Since our last edition
- Statewide stay-at-home orders in five states—Arizona, Louisiana, Maryland, Nevada, and Vermont—ended on May 15. These became the 19th through 23rd states where stay-at-home orders have ended. Of those five states, three have Republican governors and two have Democratic governors.
- In New York, Gov. Andrew Cuomo (D) announced on May 14 that the state’s stay-at-home order was extended through May 28 for regions, including New York City, that do not meet the state’s reopening criteria. However, five regions that met the criteria could proceed with reopenings of some nonessential businesses beginning May 15, including construction, manufacturing and retail for curbside pick up only. Those regions are the Finger Lakes, Central New York, Mohawk Valley, North County, and the Southern Tier. Cuomo said in a tweet that as soon as a region hits its benchmarks for reopening, they can do so before May 28.
- Delaware’s stay-at-home order was also scheduled to expire, but Gov. John Carney (D) announced on May 8 that it would be extended through May 31. Five other states have orders scheduled to expire on May 31.
- Arkansas (Republican trifecta): Gov. Asa Hutchinson (R) announced the state would not be ready to move to phase two of the state’s reopening plan on May 18 as originally anticipated. The announcement came after the state saw an increase in patients and hospitalizations in the last two days.
- Delaware (Democratic trifecta): Gov. John Carney (D) announced that restrictions on Delaware’s beaches and community pools would be lifted beginning 5:00 p.m. on May 22. Ice cream stores and trucks may also reopen for take-out or curbside pick-up services. These openings only apply to Delaware residents.

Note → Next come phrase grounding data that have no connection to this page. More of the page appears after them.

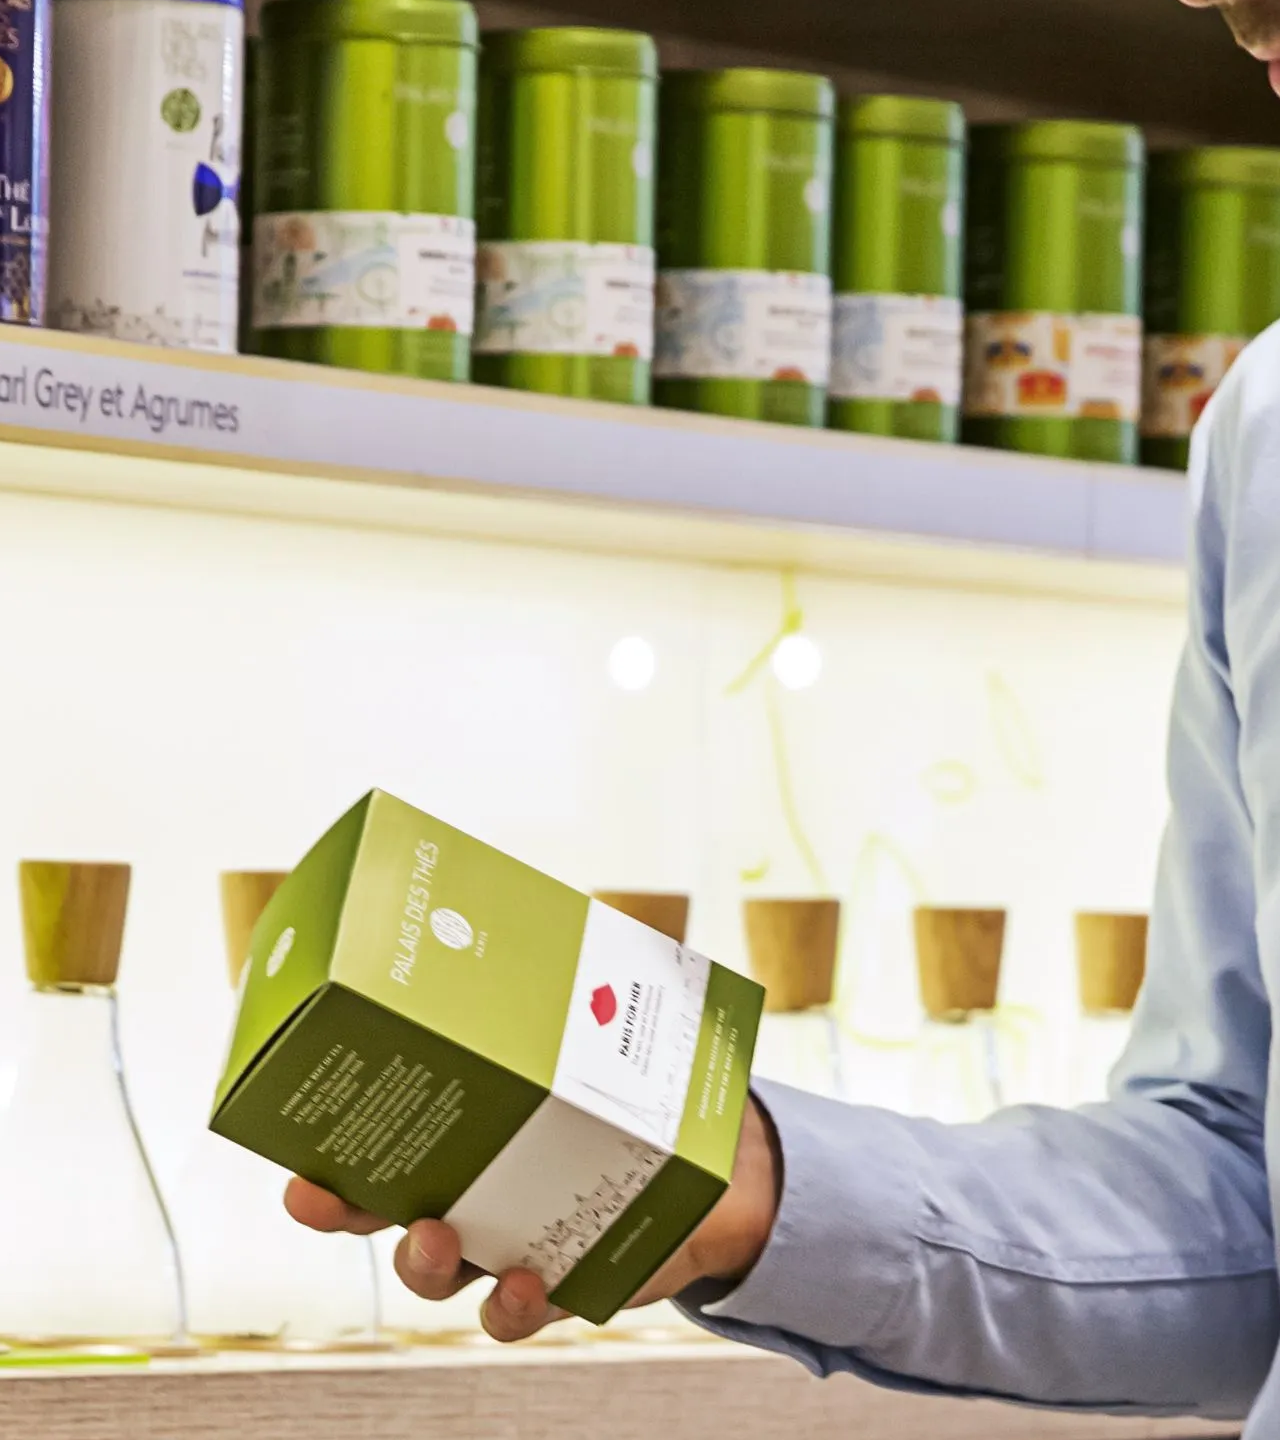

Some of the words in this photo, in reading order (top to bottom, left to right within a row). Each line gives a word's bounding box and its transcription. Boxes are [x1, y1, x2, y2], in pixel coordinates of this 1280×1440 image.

[34, 368, 94, 423] Grey
[99, 382, 125, 418] et
[129, 384, 240, 434] Agrumes
[403, 883, 431, 924] DES
[389, 921, 422, 987] PALAIS
[630, 980, 642, 1005] HER
[625, 1003, 638, 1028] FOR
[619, 1025, 634, 1058] PARIS
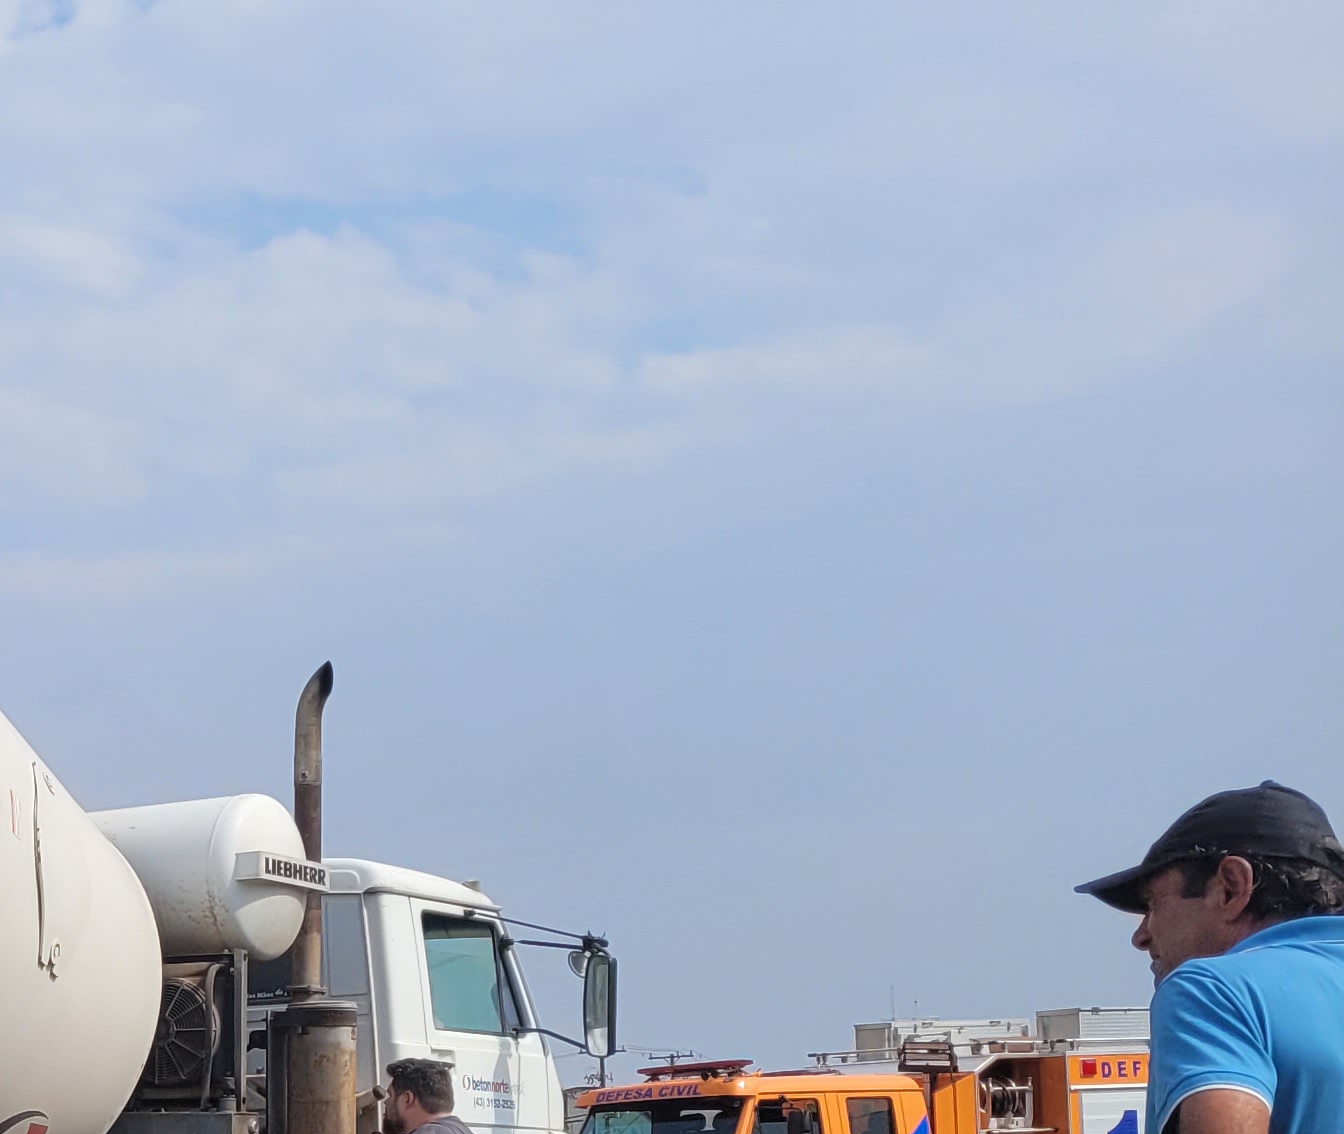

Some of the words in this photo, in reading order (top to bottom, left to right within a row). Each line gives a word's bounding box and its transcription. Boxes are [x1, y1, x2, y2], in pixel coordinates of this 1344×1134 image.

[265, 857, 326, 886] LIEBHERR
[472, 1075, 509, 1094] betonnorte
[596, 1087, 653, 1103] DEFESA
[658, 1084, 701, 1098] CIVIL

A 14-day quarantine for out-of-state visitors is still in effect.
- Louisiana (divided government): Phase 1 of Louisiana’s reopening took effect on May 15. The following businesses were allowed to reopen at 25% capacity: gyms and fitness centers; barber shops and hair/nail salons; shopping malls; gaming establishments; theaters; racetracks (no spectators); museums, zoos, and aquariums (no tactile exhibits); and bars and breweries with food permits. Individuals, particularly those belonging to high-risk groups, are still encouraged to stay home. Individuals who do go out in public are encouraged to wear facial coverings, practice good hygiene, and maintain six feet of distance from others. For businesses, employees who interact with the public must wear facial coverings and enforce social distancing guidelines. Gaming establishments must register and obtain approval before reopening. No other business owners are required to do so.

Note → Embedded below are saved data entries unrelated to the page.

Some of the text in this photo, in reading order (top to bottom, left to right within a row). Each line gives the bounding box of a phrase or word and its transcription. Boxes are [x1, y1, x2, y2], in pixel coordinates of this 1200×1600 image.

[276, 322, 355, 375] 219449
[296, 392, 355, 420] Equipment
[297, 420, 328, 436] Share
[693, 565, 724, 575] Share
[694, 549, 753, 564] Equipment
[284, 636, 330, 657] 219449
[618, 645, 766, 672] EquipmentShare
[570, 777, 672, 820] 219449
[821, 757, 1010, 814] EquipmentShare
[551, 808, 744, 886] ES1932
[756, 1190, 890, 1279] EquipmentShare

- Maryland (divided government): Phase 1 of Maryland’s reopening took effect on May 15. The following businesses were allowed to reopen: retail stores (50% capacity), manufacturing, churches and houses of worship (50% capacity), and personal services (by appointment only).
- Mississippi (Republican trifecta): Mississippi Gaming Commission Executive Director Allen Godfrey confirmed that casinos in the state would be able to reopen on May 21.

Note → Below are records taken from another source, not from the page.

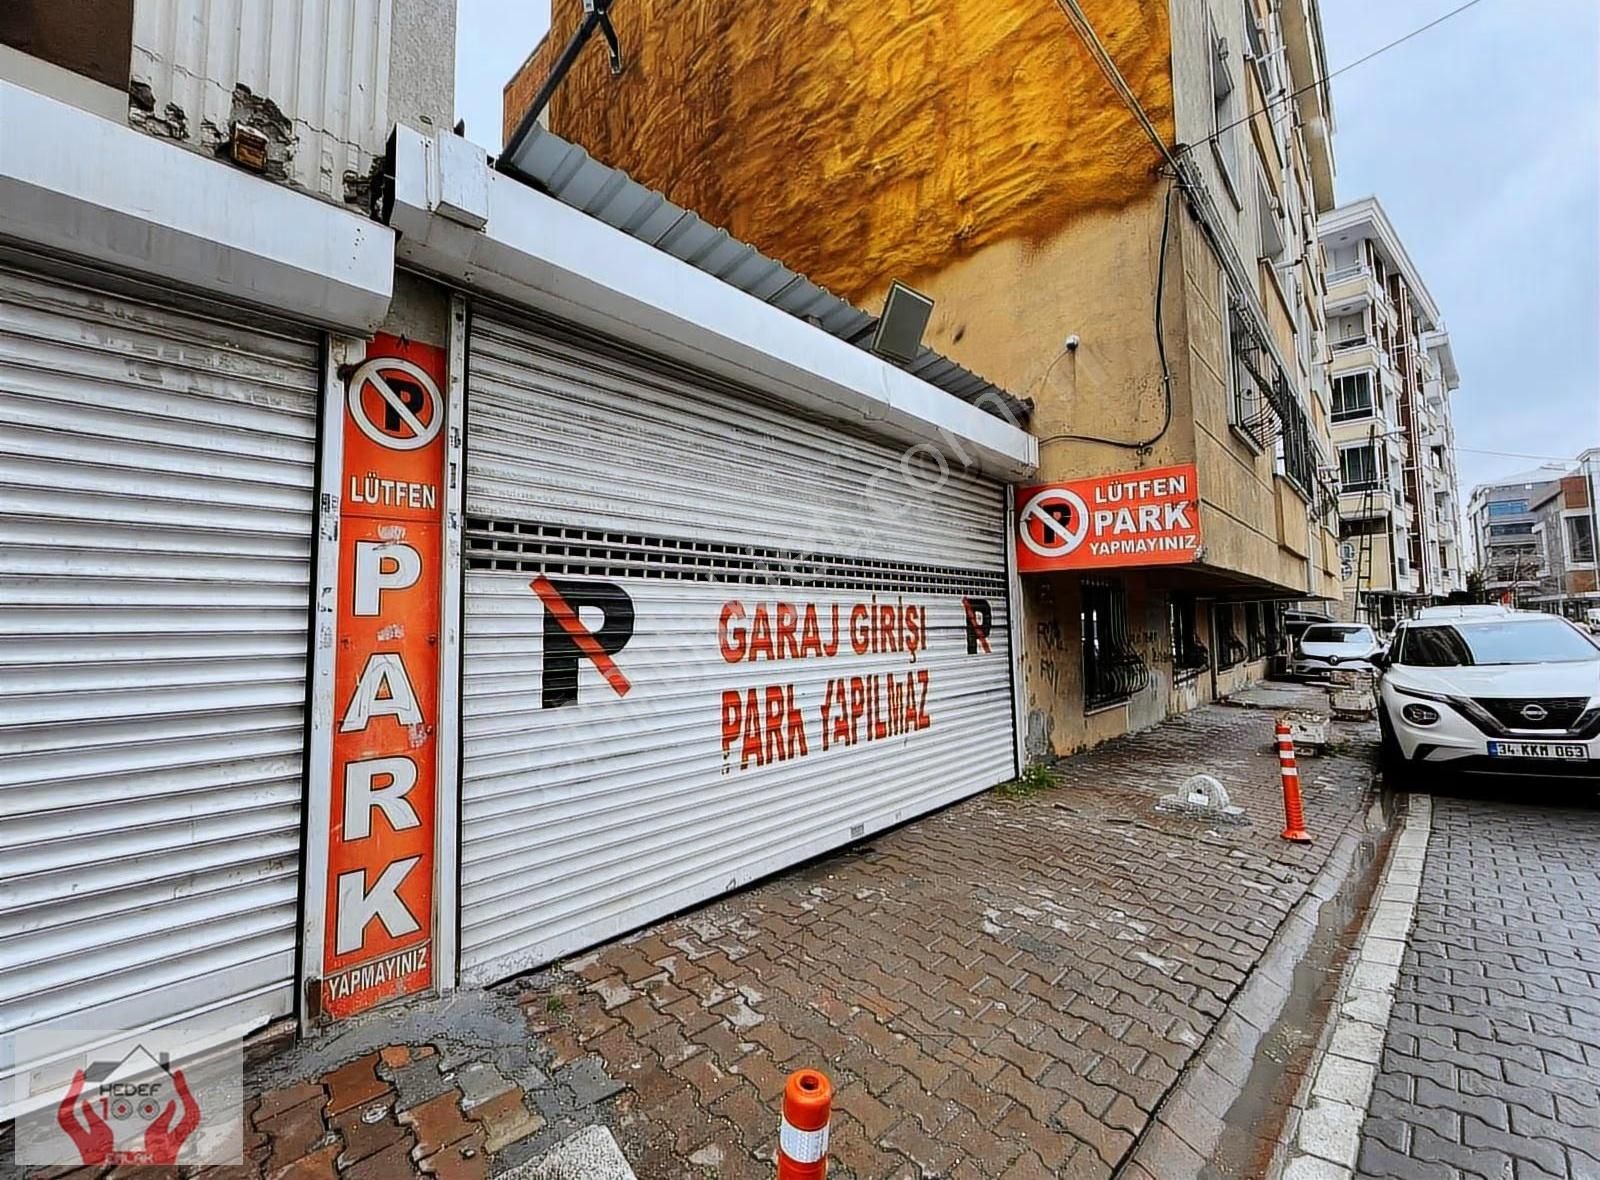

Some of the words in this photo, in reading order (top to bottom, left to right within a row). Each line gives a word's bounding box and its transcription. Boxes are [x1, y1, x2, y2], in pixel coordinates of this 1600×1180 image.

[351, 472, 436, 509] LÜTFEN
[1095, 475, 1186, 503] LÜTFEN
[1094, 501, 1193, 536] PARK
[1089, 534, 1197, 556] YAPMAYINIZ
[719, 599, 840, 664] GARAJ
[721, 683, 808, 776] PARK
[1498, 744, 1515, 755] 34
[1554, 745, 1584, 758] 063
[328, 947, 428, 1001] YAPMAYINIZ

- Ohio (Republican trifecta): Outdoor dining at bars and restaurants is allowed and personal services, such as salons and barbers, can reopen as of May 15.
- Oklahoma (Republican trifecta): The second phase of Oklahoma’s reopening plan began May 15. Under this phase, vulnerable individuals are directed to continue following safer-at-home guidelines. Individuals are directed to maintain social distancing measures and avoid group socializing. Employers must close common areas or enforce social distancing and hygiene measures, honor requests from vulnerable employees for special accommodations, and implement social distancing measures, including the use of personal protective equipment when working with the public. Also under phase two, organized sports activities can reopen with social distancing and sanitation measures, bars can operate with diminished standing room and social distancing and sanitation measures, childcare areas in places of worship can reopen, and funerals and weddings can resume with social distancing measures. Visits to senior care facilities and hospitals are still prohibited under phase two.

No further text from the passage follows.